- WHAT YOU ARE ASKED TO DO
Without the images, print every line of the material below exactly as given.
-*-*-
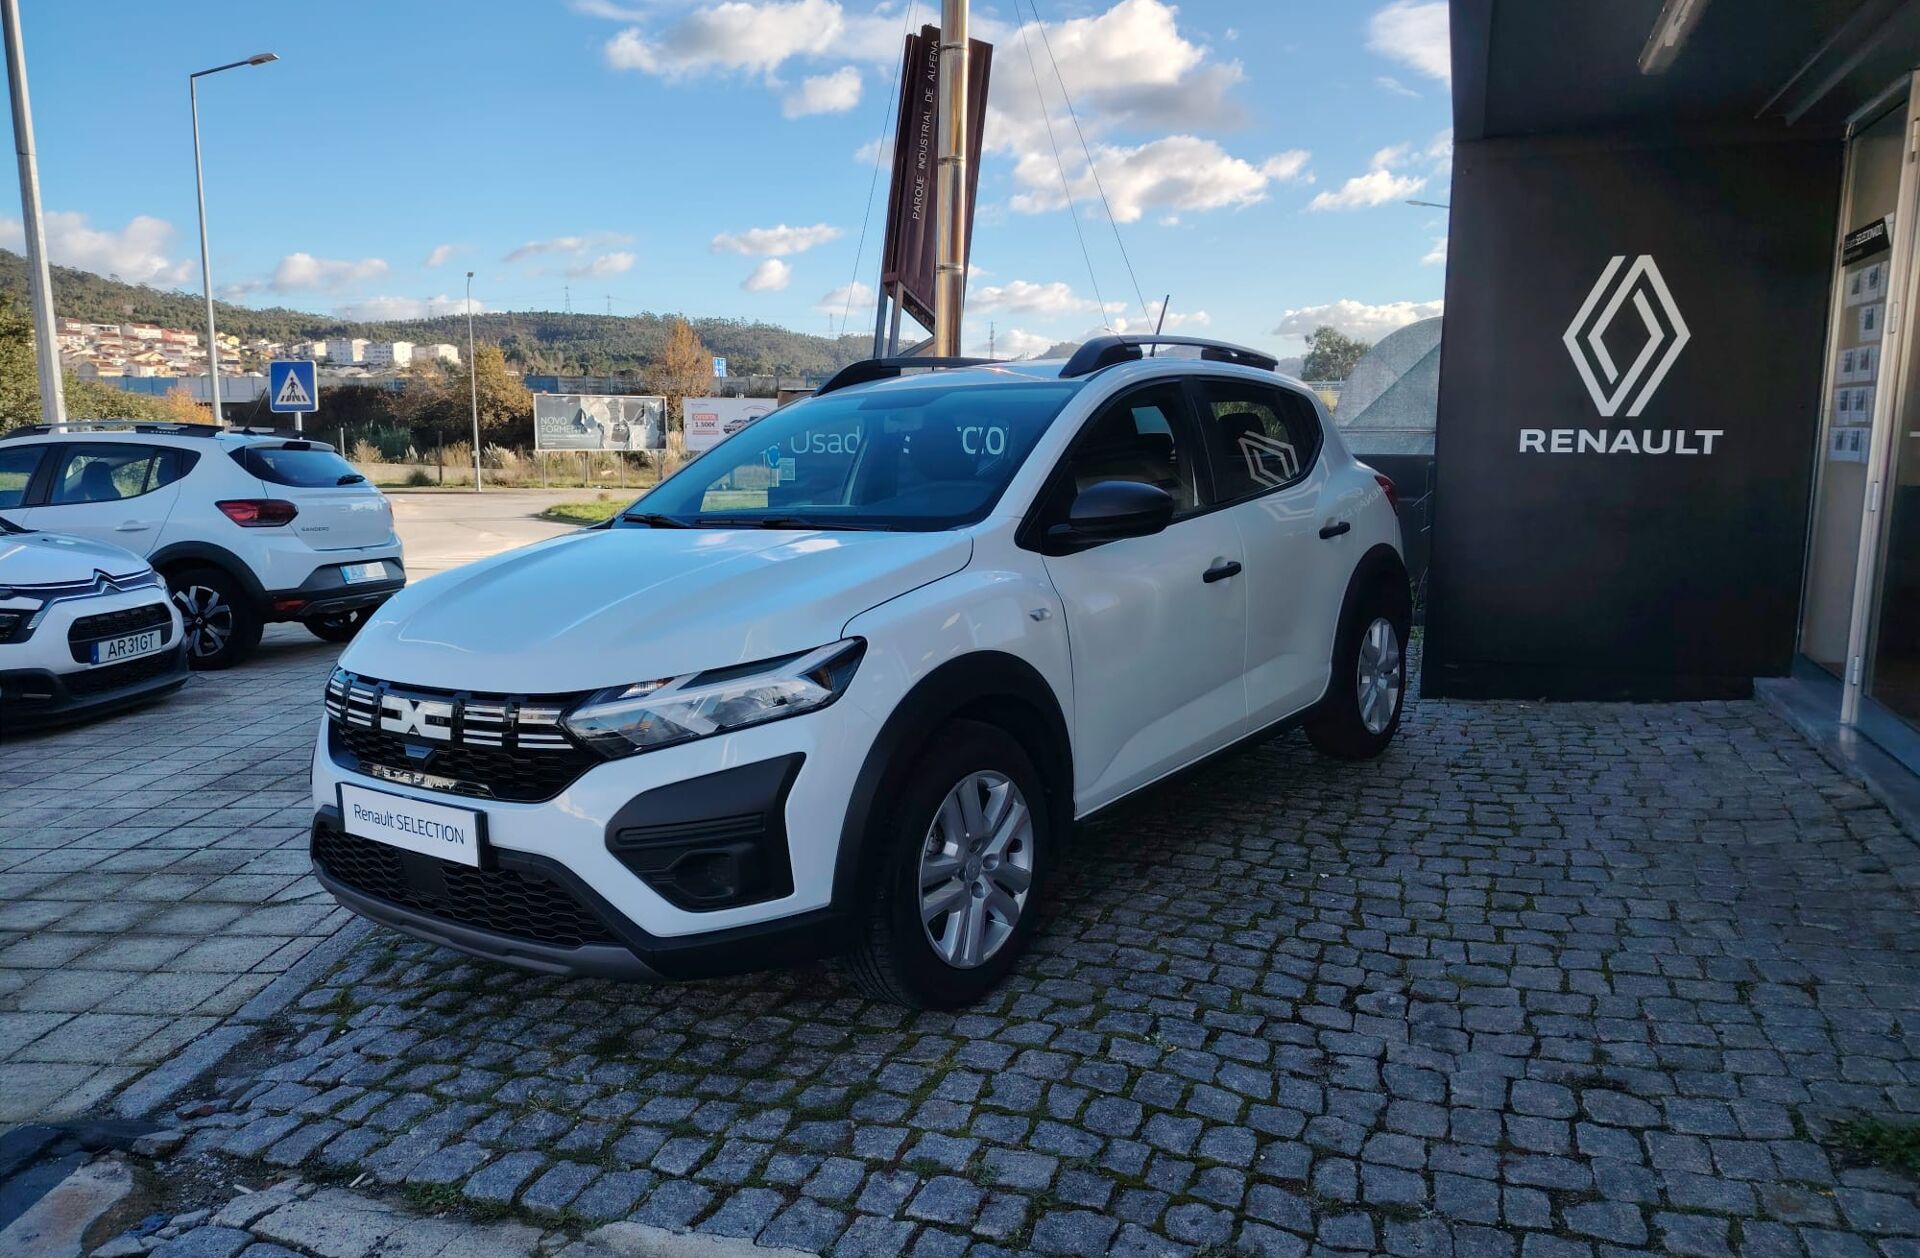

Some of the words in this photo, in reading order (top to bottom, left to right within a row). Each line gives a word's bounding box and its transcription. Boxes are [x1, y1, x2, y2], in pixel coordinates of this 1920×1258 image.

[928, 40, 940, 82] ALFENA
[925, 88, 934, 103] DE
[917, 109, 932, 170] INDUSTRIAL
[912, 175, 925, 220] PARQUE
[540, 416, 568, 426] NOVO
[1519, 428, 1725, 455] RENAULT
[107, 632, 155, 659] AR31GT
[383, 768, 456, 791] STEPWAY
[353, 803, 395, 829] Renault
[396, 815, 465, 845] SELECTION
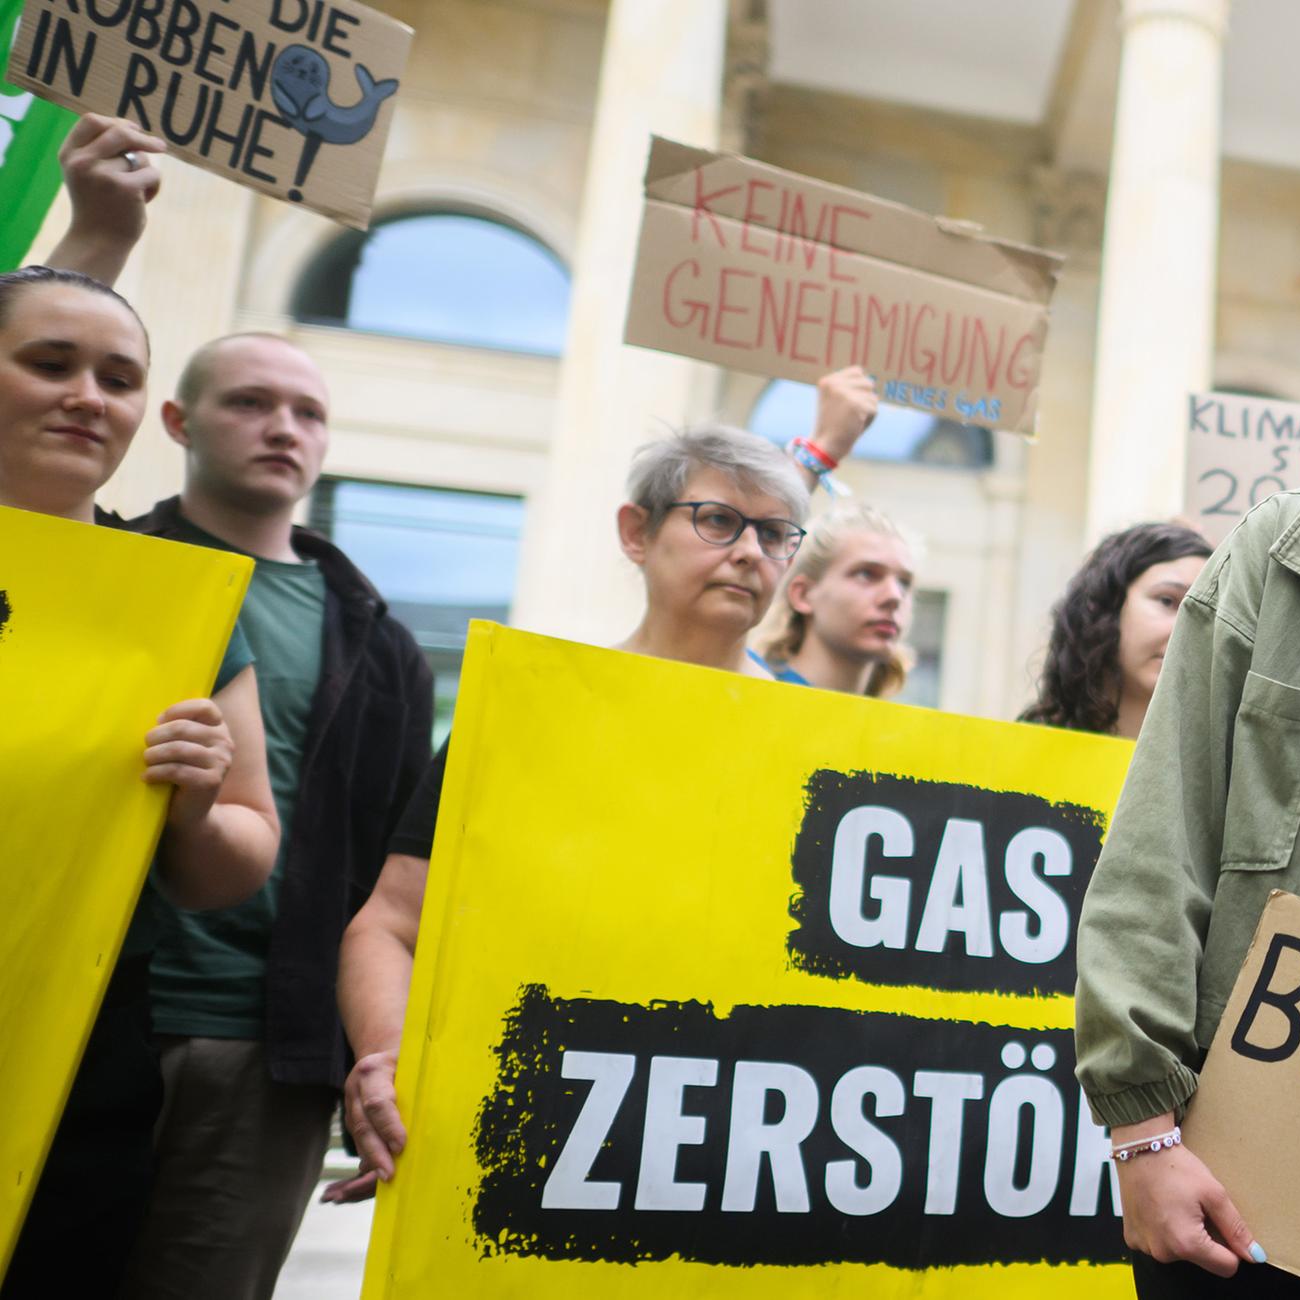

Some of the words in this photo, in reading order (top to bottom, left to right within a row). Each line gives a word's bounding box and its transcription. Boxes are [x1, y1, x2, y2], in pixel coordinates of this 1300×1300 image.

[26, 9, 97, 98] IN
[269, 0, 361, 59] DIE
[117, 53, 322, 201] RUHE!
[690, 164, 872, 284] KEINE
[662, 259, 1036, 393] GENEHMIGUNG
[954, 391, 1003, 423] GAS
[828, 804, 1074, 965] GAS
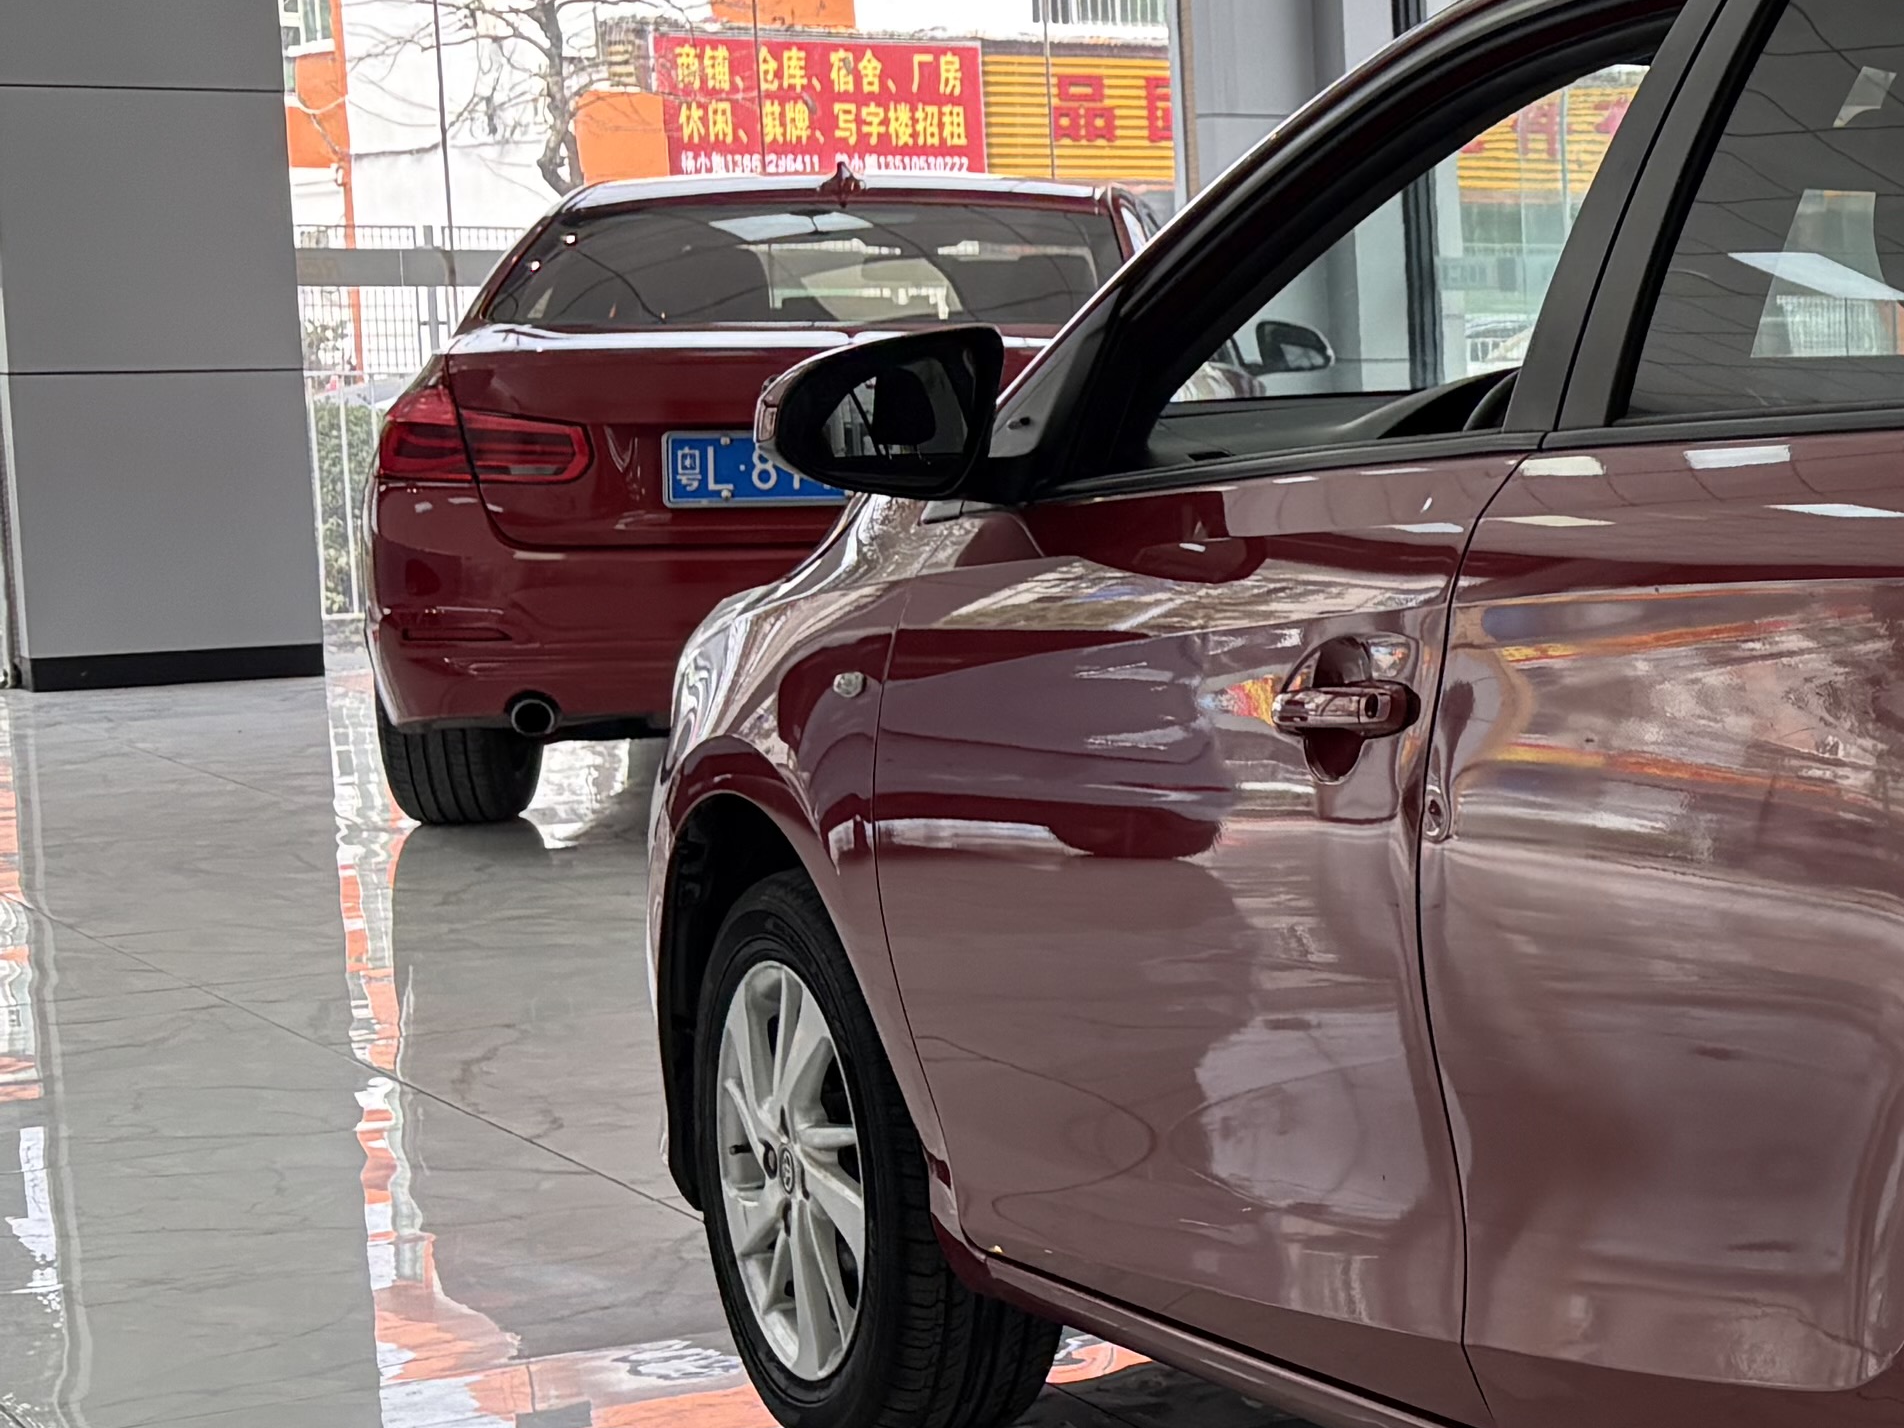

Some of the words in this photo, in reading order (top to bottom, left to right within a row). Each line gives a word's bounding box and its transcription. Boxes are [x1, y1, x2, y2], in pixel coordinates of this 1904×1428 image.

[674, 44, 963, 96] 商铺、仓库、宿舍、厂房
-*-*-
- RESULT OF THE TASK
Some of the words in this photo, in reading order (top to bottom, left to right within a row). Each line gives a word's bounding box and its transcription. Boxes are [x1, y1, x2, y2], in pixel coordinates of this 1920×1258 image.

[928, 40, 940, 82] ALFENA
[925, 88, 934, 103] DE
[917, 109, 932, 170] INDUSTRIAL
[912, 175, 925, 220] PARQUE
[540, 416, 568, 426] NOVO
[1519, 428, 1725, 455] RENAULT
[107, 632, 155, 659] AR31GT
[383, 768, 456, 791] STEPWAY
[353, 803, 395, 829] Renault
[396, 815, 465, 845] SELECTION

Some of the words in this photo, in reading order (top to bottom, left to right within a row). Each line gives a word's bounding box and its transcription. Boxes are [x1, y1, x2, y2], in pixel coordinates of this 1300×1300 image.

[26, 9, 97, 98] IN
[269, 0, 361, 59] DIE
[117, 53, 322, 201] RUHE!
[690, 164, 872, 284] KEINE
[662, 259, 1036, 393] GENEHMIGUNG
[954, 391, 1003, 423] GAS
[828, 804, 1074, 965] GAS

Some of the words in this photo, in reading order (top to bottom, left to right within a row). Each line gives a word's bounding box and its transcription. Boxes are [x1, y1, x2, y2], in pixel coordinates of this 1904×1428 image.

[674, 44, 963, 96] 商铺、仓库、宿舍、厂房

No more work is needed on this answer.